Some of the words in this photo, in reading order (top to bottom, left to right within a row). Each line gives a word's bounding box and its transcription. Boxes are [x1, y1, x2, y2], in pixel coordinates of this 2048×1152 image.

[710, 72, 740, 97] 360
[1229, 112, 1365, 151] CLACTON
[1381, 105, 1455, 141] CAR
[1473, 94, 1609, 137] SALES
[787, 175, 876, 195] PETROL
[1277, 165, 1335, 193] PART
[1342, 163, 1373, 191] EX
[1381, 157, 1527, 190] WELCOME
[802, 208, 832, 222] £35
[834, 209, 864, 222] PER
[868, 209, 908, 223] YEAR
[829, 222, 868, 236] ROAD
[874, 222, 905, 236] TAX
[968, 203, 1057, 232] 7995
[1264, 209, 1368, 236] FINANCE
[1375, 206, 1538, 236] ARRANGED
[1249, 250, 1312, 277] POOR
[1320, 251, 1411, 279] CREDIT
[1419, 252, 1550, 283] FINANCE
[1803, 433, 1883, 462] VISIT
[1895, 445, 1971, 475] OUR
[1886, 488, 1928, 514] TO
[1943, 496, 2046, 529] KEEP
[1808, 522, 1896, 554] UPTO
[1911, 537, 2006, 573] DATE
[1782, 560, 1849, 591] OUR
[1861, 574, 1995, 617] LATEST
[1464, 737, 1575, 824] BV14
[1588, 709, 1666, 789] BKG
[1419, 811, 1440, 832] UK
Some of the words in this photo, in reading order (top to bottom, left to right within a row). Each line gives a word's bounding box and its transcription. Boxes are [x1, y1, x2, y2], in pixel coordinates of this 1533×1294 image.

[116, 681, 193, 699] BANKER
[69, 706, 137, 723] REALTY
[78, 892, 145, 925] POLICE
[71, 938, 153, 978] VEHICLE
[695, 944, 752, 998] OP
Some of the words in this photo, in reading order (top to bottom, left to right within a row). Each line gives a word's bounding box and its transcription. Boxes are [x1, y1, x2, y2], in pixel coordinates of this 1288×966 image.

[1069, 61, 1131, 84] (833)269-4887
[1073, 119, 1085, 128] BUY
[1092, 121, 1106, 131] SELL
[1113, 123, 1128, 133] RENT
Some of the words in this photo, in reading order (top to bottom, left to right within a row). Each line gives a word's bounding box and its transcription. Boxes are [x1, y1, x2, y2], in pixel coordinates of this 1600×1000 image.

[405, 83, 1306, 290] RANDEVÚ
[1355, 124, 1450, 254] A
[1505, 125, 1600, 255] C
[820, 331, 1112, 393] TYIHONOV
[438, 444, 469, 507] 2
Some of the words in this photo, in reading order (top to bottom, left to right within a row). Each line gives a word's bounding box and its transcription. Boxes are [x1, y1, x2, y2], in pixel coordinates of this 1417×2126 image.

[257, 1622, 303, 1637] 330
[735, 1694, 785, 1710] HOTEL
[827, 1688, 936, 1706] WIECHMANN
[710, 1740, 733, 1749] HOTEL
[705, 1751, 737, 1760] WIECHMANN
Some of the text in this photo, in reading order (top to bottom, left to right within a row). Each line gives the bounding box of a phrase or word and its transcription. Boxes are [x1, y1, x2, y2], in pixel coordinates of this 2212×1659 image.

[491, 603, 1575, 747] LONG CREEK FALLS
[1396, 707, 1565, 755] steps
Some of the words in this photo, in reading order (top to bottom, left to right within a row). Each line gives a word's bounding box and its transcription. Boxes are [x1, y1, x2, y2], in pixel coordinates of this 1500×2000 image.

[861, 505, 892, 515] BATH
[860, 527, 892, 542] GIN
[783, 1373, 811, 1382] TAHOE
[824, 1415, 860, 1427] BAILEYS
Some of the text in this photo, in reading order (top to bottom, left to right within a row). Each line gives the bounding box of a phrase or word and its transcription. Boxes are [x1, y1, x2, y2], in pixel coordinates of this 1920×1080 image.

● ● ● ● ● ● ●

## Task instructions
Output every line above without altering anything.

## Task solution
Some of the words in this photo, in reading order (top to bottom, left to right within a row). Each line gives a word's bounding box and its transcription. Boxes are [x1, y1, x2, y2], in pixel coordinates of this 2048×1152 image.

[710, 72, 740, 97] 360
[1229, 112, 1365, 151] CLACTON
[1381, 105, 1455, 141] CAR
[1473, 94, 1609, 137] SALES
[787, 175, 876, 195] PETROL
[1277, 165, 1335, 193] PART
[1342, 163, 1373, 191] EX
[1381, 157, 1527, 190] WELCOME
[802, 208, 832, 222] £35
[834, 209, 864, 222] PER
[868, 209, 908, 223] YEAR
[829, 222, 868, 236] ROAD
[874, 222, 905, 236] TAX
[968, 203, 1057, 232] 7995
[1264, 209, 1368, 236] FINANCE
[1375, 206, 1538, 236] ARRANGED
[1249, 250, 1312, 277] POOR
[1320, 251, 1411, 279] CREDIT
[1419, 252, 1550, 283] FINANCE
[1803, 433, 1883, 462] VISIT
[1895, 445, 1971, 475] OUR
[1886, 488, 1928, 514] TO
[1943, 496, 2046, 529] KEEP
[1808, 522, 1896, 554] UPTO
[1911, 537, 2006, 573] DATE
[1782, 560, 1849, 591] OUR
[1861, 574, 1995, 617] LATEST
[1464, 737, 1575, 824] BV14
[1588, 709, 1666, 789] BKG
[1419, 811, 1440, 832] UK
Some of the words in this photo, in reading order (top to bottom, left to right within a row). Each line gives a word's bounding box and its transcription. Boxes are [x1, y1, x2, y2], in pixel coordinates of this 1533×1294 image.

[116, 681, 193, 699] BANKER
[69, 706, 137, 723] REALTY
[78, 892, 145, 925] POLICE
[71, 938, 153, 978] VEHICLE
[695, 944, 752, 998] OP
Some of the words in this photo, in reading order (top to bottom, left to right within a row). Each line gives a word's bounding box and its transcription. Boxes are [x1, y1, x2, y2], in pixel coordinates of this 1288×966 image.

[1069, 61, 1131, 84] (833)269-4887
[1073, 119, 1085, 128] BUY
[1092, 121, 1106, 131] SELL
[1113, 123, 1128, 133] RENT
Some of the words in this photo, in reading order (top to bottom, left to right within a row). Each line gives a word's bounding box and its transcription. Boxes are [x1, y1, x2, y2], in pixel coordinates of this 1600×1000 image.

[405, 83, 1306, 290] RANDEVÚ
[1355, 124, 1450, 254] A
[1505, 125, 1600, 255] C
[820, 331, 1112, 393] TYIHONOV
[438, 444, 469, 507] 2
Some of the words in this photo, in reading order (top to bottom, left to right within a row). Each line gives a word's bounding box and its transcription. Boxes are [x1, y1, x2, y2], in pixel coordinates of this 1417×2126 image.

[257, 1622, 303, 1637] 330
[735, 1694, 785, 1710] HOTEL
[827, 1688, 936, 1706] WIECHMANN
[710, 1740, 733, 1749] HOTEL
[705, 1751, 737, 1760] WIECHMANN
Some of the text in this photo, in reading order (top to bottom, left to right within a row). Each line gives the bounding box of a phrase or word and its transcription. Boxes are [x1, y1, x2, y2], in pixel coordinates of this 2212×1659 image.

[491, 603, 1575, 747] LONG CREEK FALLS
[1396, 707, 1565, 755] steps
Some of the words in this photo, in reading order (top to bottom, left to right within a row). Each line gives a word's bounding box and its transcription. Boxes are [x1, y1, x2, y2], in pixel coordinates of this 1500×2000 image.

[861, 505, 892, 515] BATH
[860, 527, 892, 542] GIN
[783, 1373, 811, 1382] TAHOE
[824, 1415, 860, 1427] BAILEYS
Some of the text in this photo, in reading order (top to bottom, left to right within a row). Each line gives the bounding box of a phrase or word and its transcription. Boxes are [x1, y1, x2, y2], in pixel coordinates of this 1920×1080 image.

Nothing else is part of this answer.